▶ _PROBLEM_: Copy every record exactly as it stands. Leave the pictures out.

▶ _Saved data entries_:
——————————

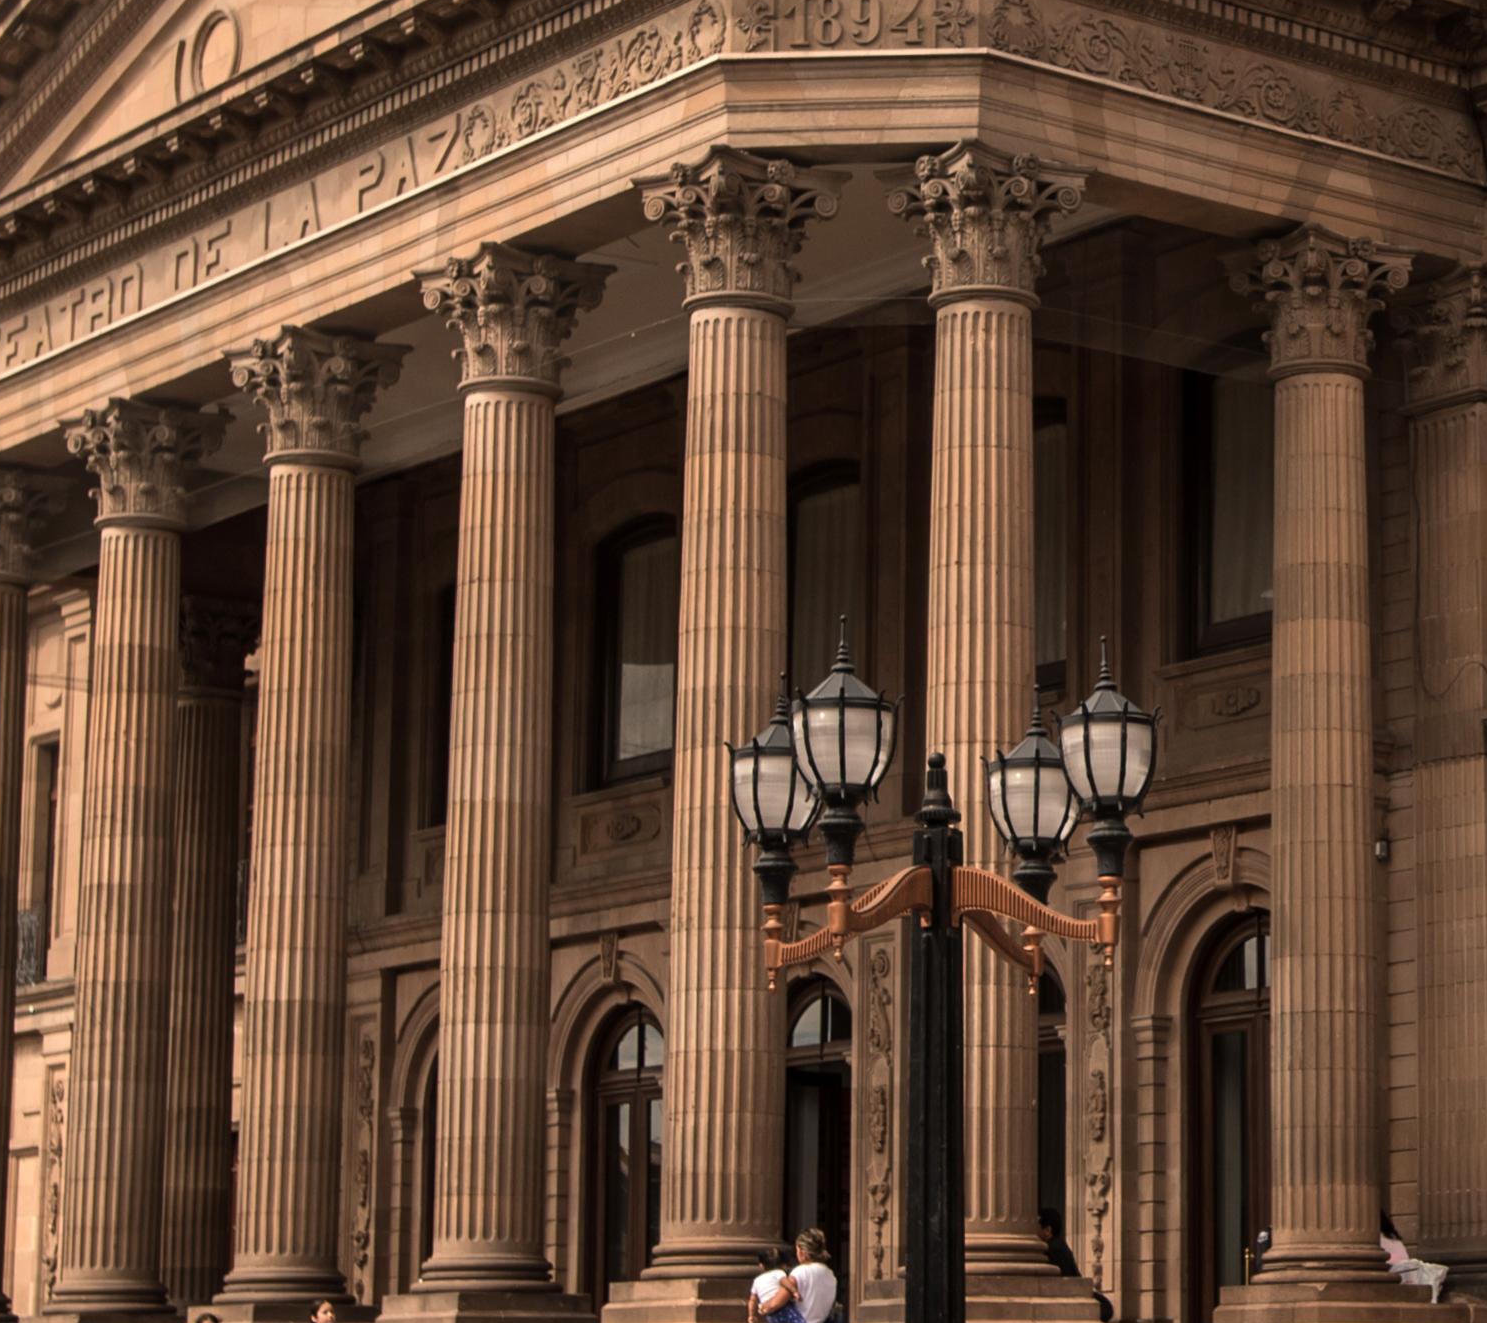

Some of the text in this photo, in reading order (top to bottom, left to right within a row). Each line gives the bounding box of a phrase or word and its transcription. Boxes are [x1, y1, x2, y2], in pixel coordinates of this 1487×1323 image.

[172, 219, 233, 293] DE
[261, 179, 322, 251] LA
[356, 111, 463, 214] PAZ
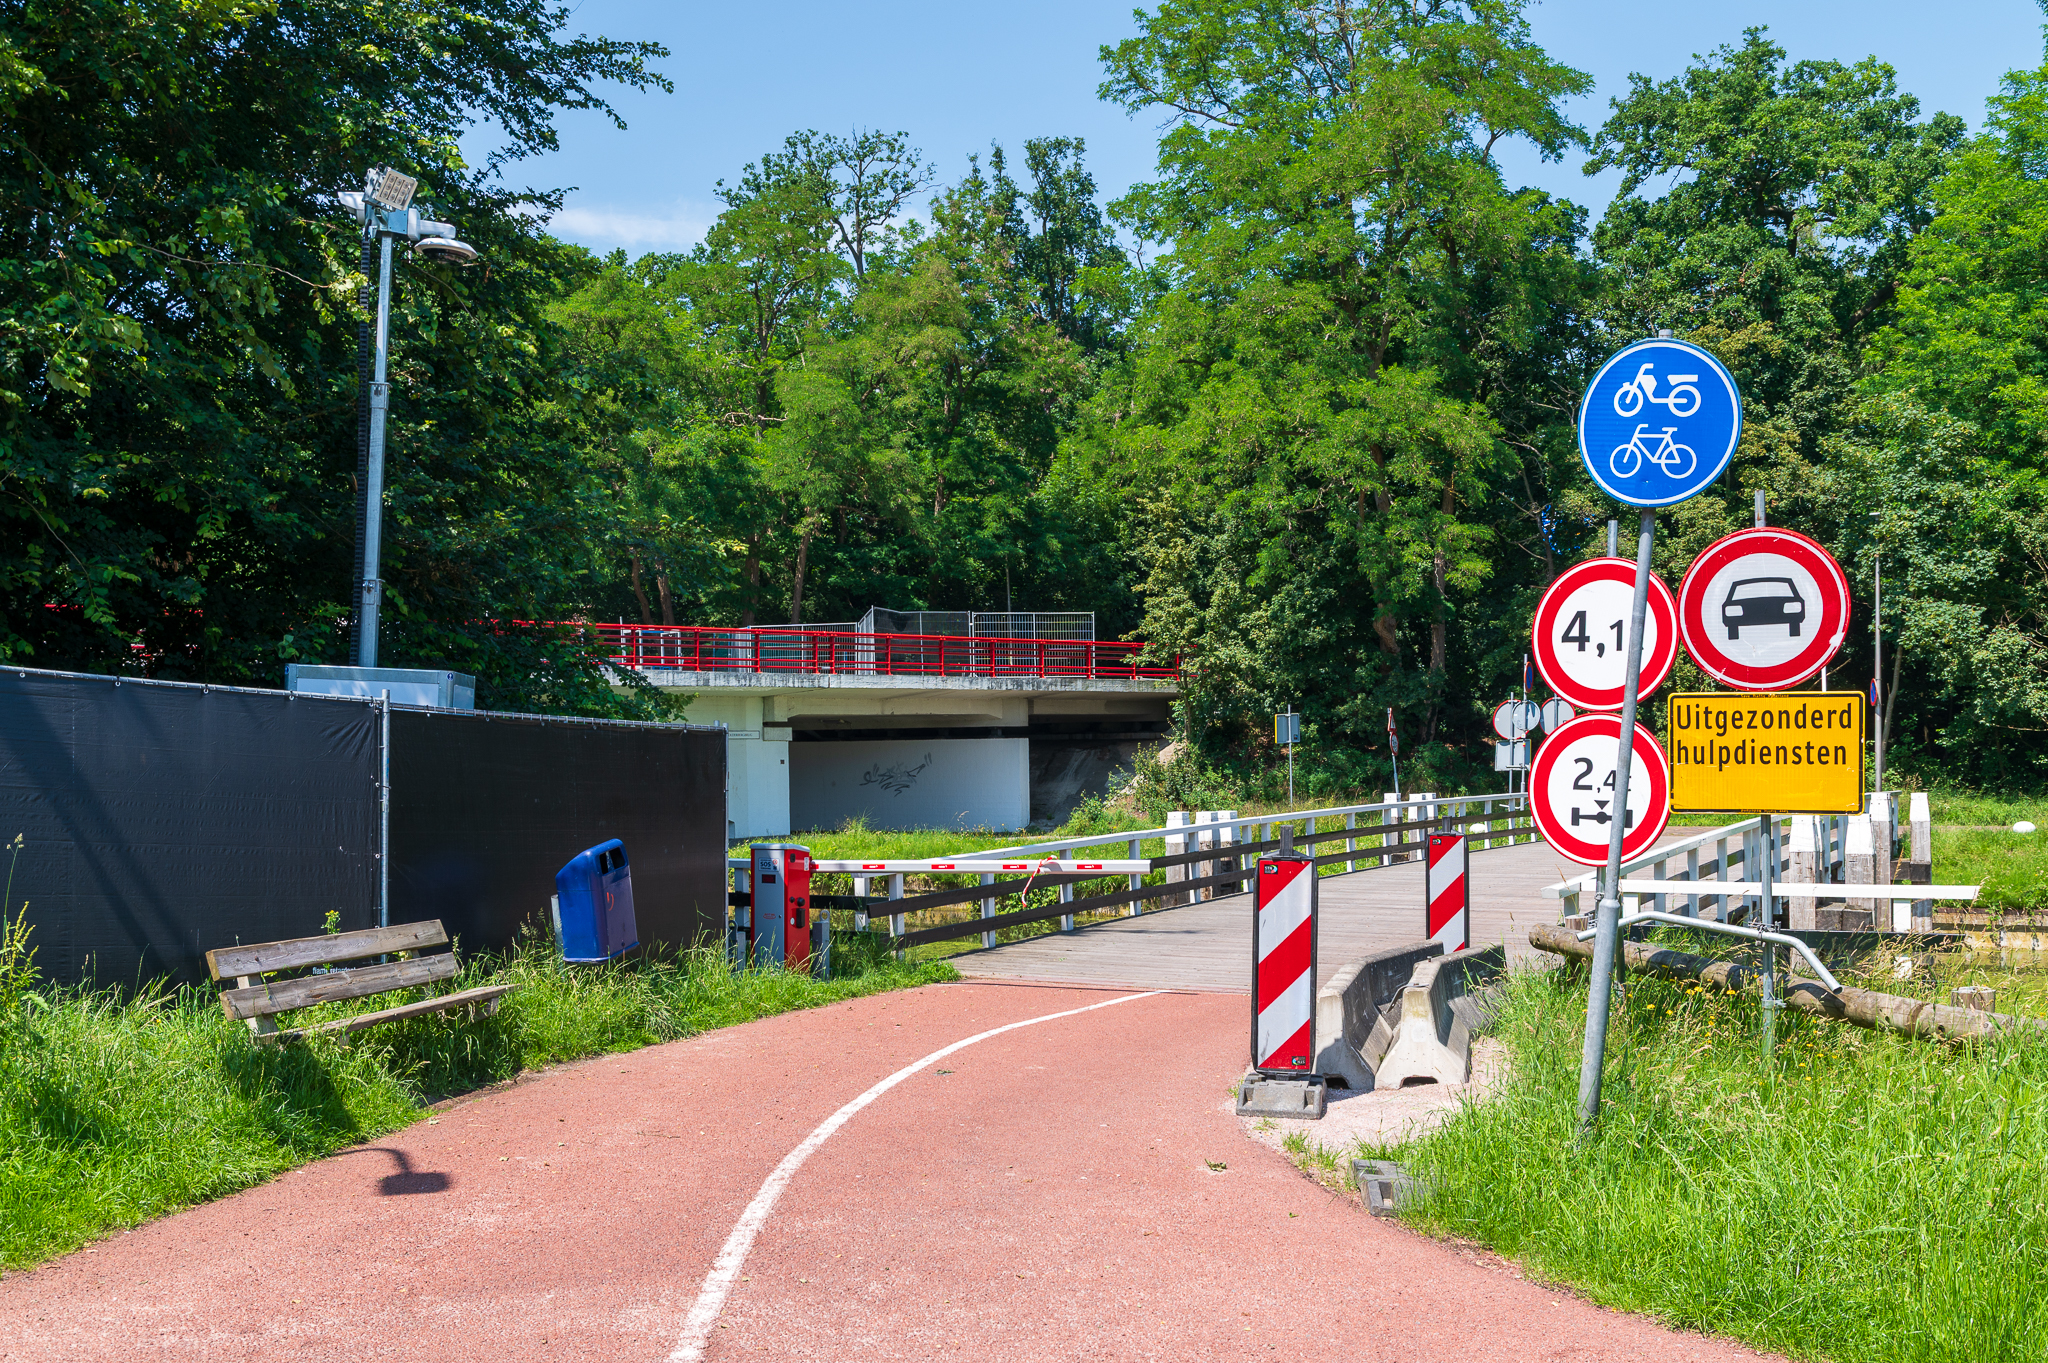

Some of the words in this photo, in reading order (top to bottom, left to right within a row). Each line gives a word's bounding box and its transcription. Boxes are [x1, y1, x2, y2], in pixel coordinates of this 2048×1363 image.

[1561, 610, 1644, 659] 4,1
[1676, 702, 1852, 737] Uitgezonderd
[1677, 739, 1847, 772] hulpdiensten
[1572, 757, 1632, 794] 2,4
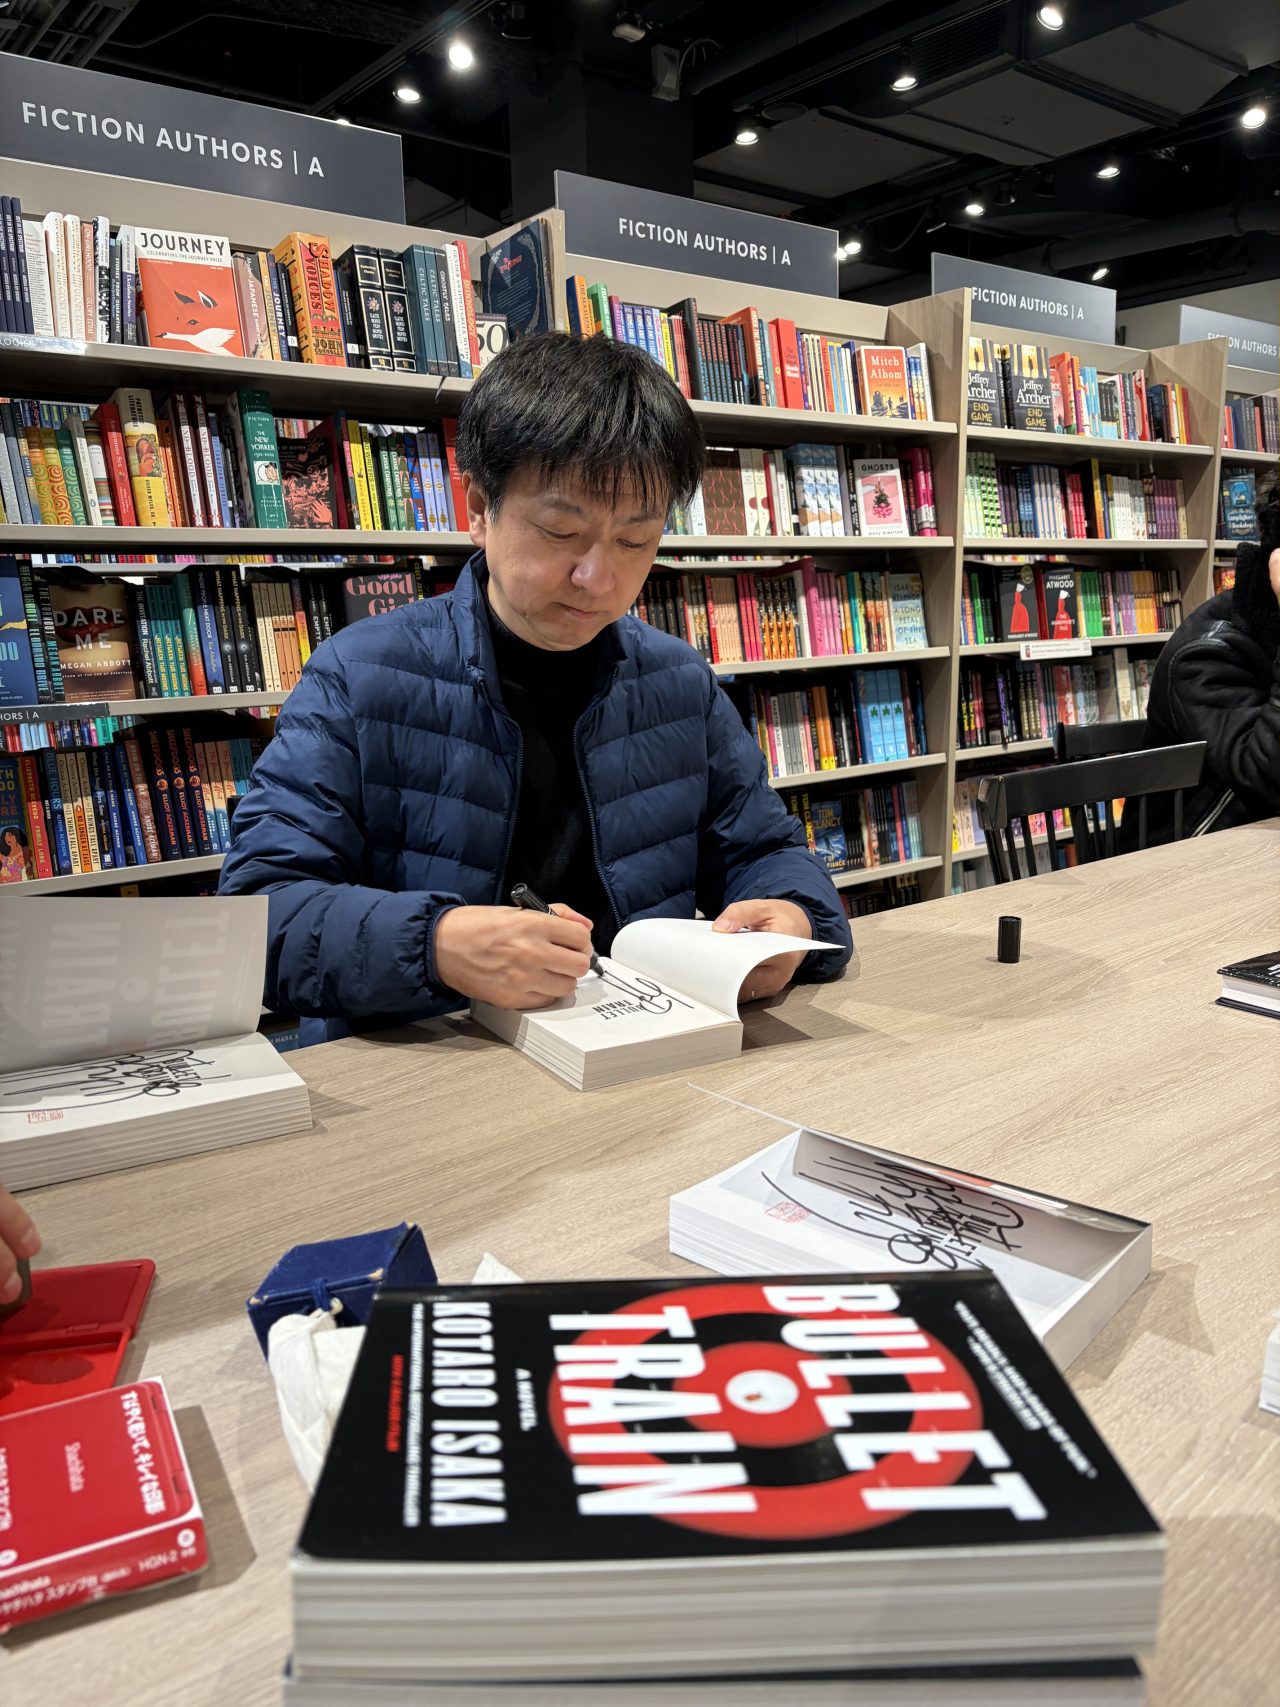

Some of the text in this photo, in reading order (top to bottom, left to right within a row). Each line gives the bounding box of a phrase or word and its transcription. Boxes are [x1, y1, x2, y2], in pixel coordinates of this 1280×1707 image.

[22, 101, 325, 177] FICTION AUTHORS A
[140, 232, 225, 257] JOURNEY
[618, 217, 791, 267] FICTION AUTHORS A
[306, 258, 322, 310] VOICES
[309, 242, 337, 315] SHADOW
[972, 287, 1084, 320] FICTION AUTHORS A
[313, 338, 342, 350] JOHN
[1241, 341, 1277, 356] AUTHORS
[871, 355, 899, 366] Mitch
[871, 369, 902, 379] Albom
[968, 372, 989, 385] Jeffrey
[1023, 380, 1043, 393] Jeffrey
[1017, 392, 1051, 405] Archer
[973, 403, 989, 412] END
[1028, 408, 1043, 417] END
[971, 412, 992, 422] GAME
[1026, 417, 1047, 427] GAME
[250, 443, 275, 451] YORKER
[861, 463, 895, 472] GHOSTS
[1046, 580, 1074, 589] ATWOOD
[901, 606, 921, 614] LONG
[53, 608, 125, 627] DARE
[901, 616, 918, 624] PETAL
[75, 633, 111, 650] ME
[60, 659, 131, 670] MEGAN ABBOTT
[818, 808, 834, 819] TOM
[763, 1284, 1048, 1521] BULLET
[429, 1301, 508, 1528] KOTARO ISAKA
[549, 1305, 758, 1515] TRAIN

——————————

▶ _ANSWER BOX_:
Some of the text in this photo, in reading order (top to bottom, left to right within a row). Each line gives the bounding box of a phrase or word and its transcription. Boxes are [x1, y1, x2, y2], in pixel coordinates of this 1487×1323 image.

[172, 219, 233, 293] DE
[261, 179, 322, 251] LA
[356, 111, 463, 214] PAZ

Some of the words in this photo, in reading order (top to bottom, left to right within a row). Each line gives a word's bounding box and its transcription. Boxes are [x1, y1, x2, y2], in pixel coordinates of this 2048×1363 image.

[1561, 610, 1644, 659] 4,1
[1676, 702, 1852, 737] Uitgezonderd
[1677, 739, 1847, 772] hulpdiensten
[1572, 757, 1632, 794] 2,4

Some of the text in this photo, in reading order (top to bottom, left to right within a row). Each line gives the bounding box of a phrase or word and its transcription. Boxes are [x1, y1, x2, y2], in pixel coordinates of this 1280×1707 image.

[22, 101, 325, 177] FICTION AUTHORS A
[140, 232, 225, 257] JOURNEY
[618, 217, 791, 267] FICTION AUTHORS A
[306, 258, 322, 310] VOICES
[309, 242, 337, 315] SHADOW
[972, 287, 1084, 320] FICTION AUTHORS A
[313, 338, 342, 350] JOHN
[1241, 341, 1277, 356] AUTHORS
[871, 355, 899, 366] Mitch
[871, 369, 902, 379] Albom
[968, 372, 989, 385] Jeffrey
[1023, 380, 1043, 393] Jeffrey
[1017, 392, 1051, 405] Archer
[973, 403, 989, 412] END
[1028, 408, 1043, 417] END
[971, 412, 992, 422] GAME
[1026, 417, 1047, 427] GAME
[250, 443, 275, 451] YORKER
[861, 463, 895, 472] GHOSTS
[1046, 580, 1074, 589] ATWOOD
[901, 606, 921, 614] LONG
[53, 608, 125, 627] DARE
[901, 616, 918, 624] PETAL
[75, 633, 111, 650] ME
[60, 659, 131, 670] MEGAN ABBOTT
[818, 808, 834, 819] TOM
[763, 1284, 1048, 1521] BULLET
[429, 1301, 508, 1528] KOTARO ISAKA
[549, 1305, 758, 1515] TRAIN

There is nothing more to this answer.